I was also struck by how Uganda is changing – or to be more precise, how some of Uganda is changing. Kampala is developing – and slowly resembling the traffic jams and multicultural milieu that is seen in so many cities across the globe today. Meanwhile in the rural areas there are large areas with very little development and very little change demonstrable for many years. Whether one’s goal is large padding to sit on, or suitability for tight leggings is not particularly critical. However the development of Kampala in a manner out of kilter with the rest of the country certainly does produce difficulties. With some people in Kampala driving large shiny German automobiles and sporting Italian suits, it is understandable that some from the rural areas move to town to make their fortune – and often end up much worse off than if they had stayed subsisting on their farm surrounded by friends and family.
The sirens from the city are also an ever present lure to the unwary health professional tempted by large income and less work.
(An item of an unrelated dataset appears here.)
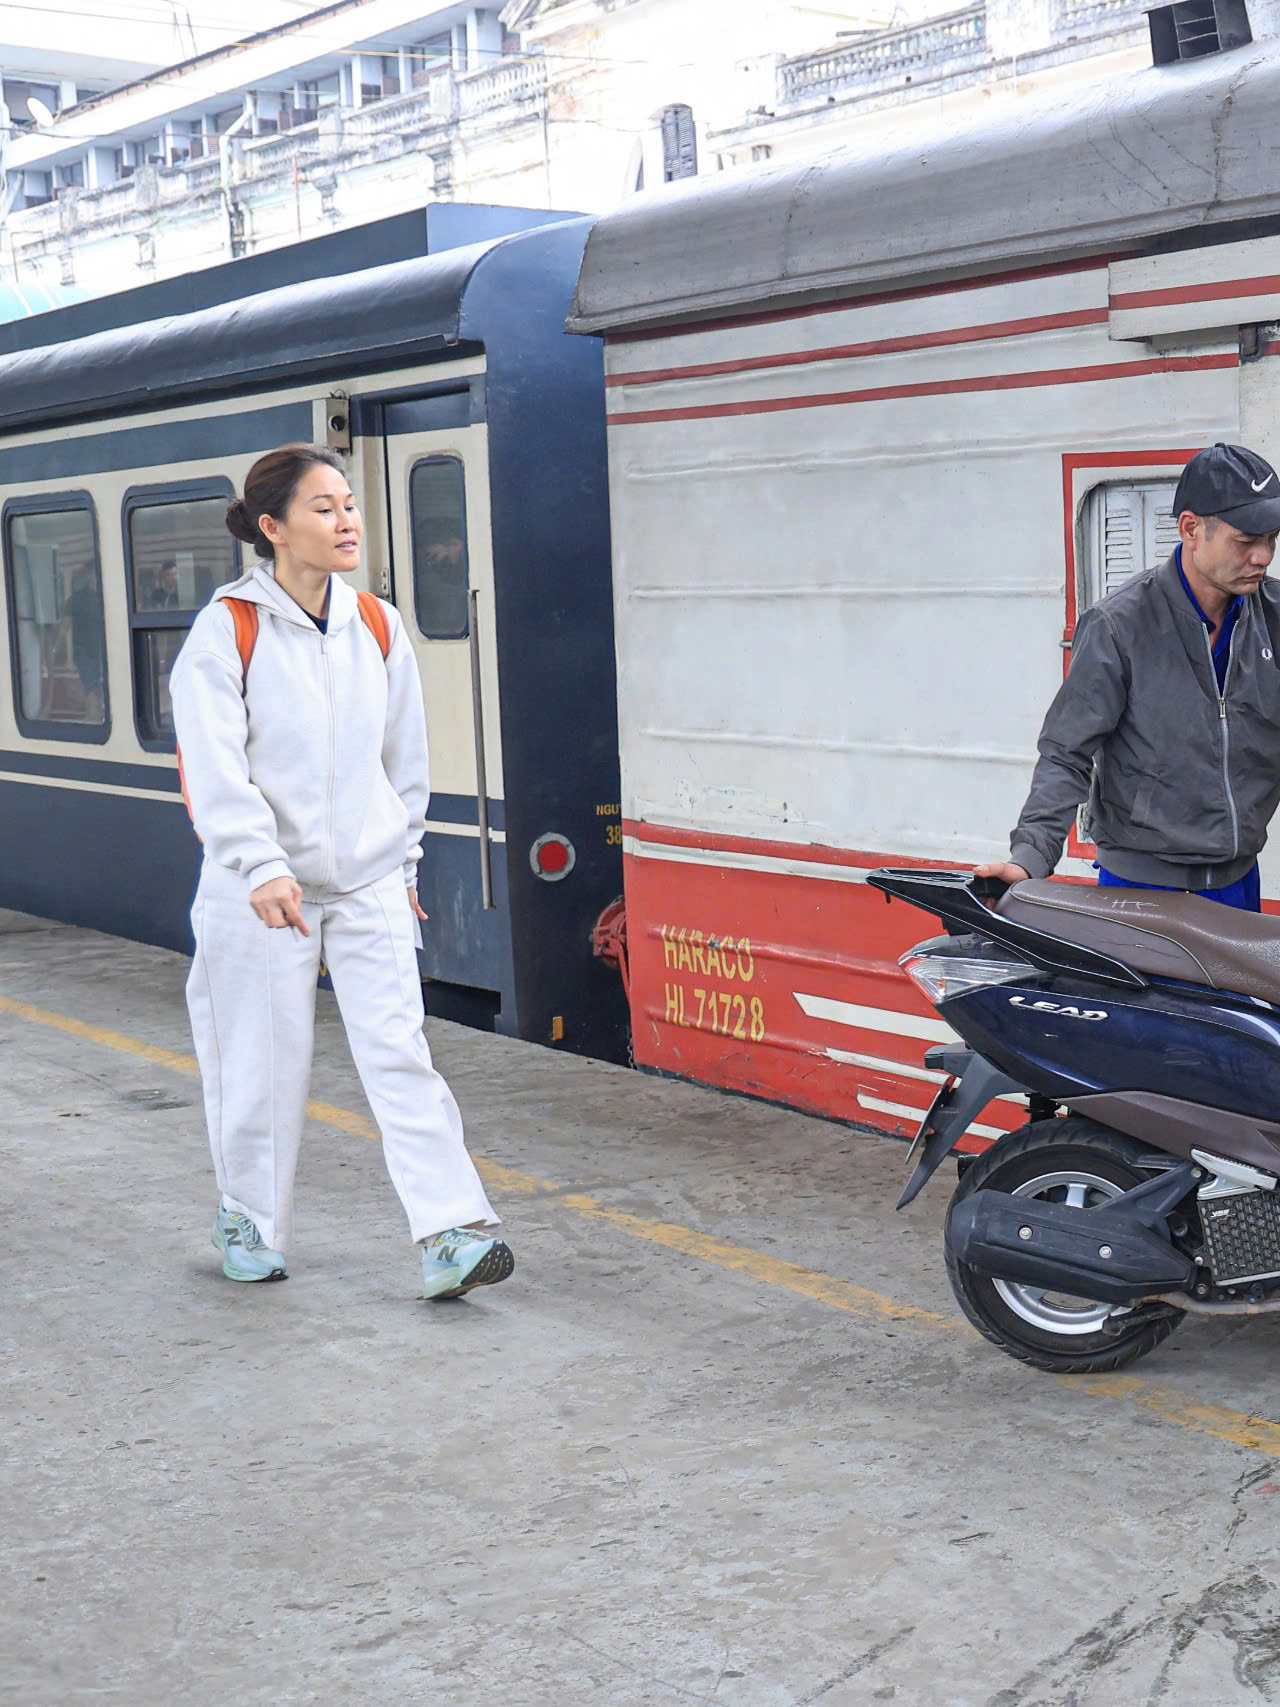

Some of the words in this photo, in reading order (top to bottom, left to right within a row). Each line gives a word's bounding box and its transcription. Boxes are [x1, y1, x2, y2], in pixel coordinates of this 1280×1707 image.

The value of working up country is indisputable to all, but the personal lifestyle and family opportunity costs are very real, and are too much for some. Thus 80% of the countries health professionals continue to reside in cities where 20% of the population live.
Do I have a solution if our presidents in waiting Obama or McCain are reading….well no. But sadly a lot of the ‘development’ in Kampala is driven by aid dollars (indeed often AIDS dollars.) Clearly I think that mission/development/aid are good things – when well done. Sadly when not well done they can be deeply unhelpful.
So what is well done mission development? For that you’ll need to take me out for a drink when you next see me and we can talk about it properly.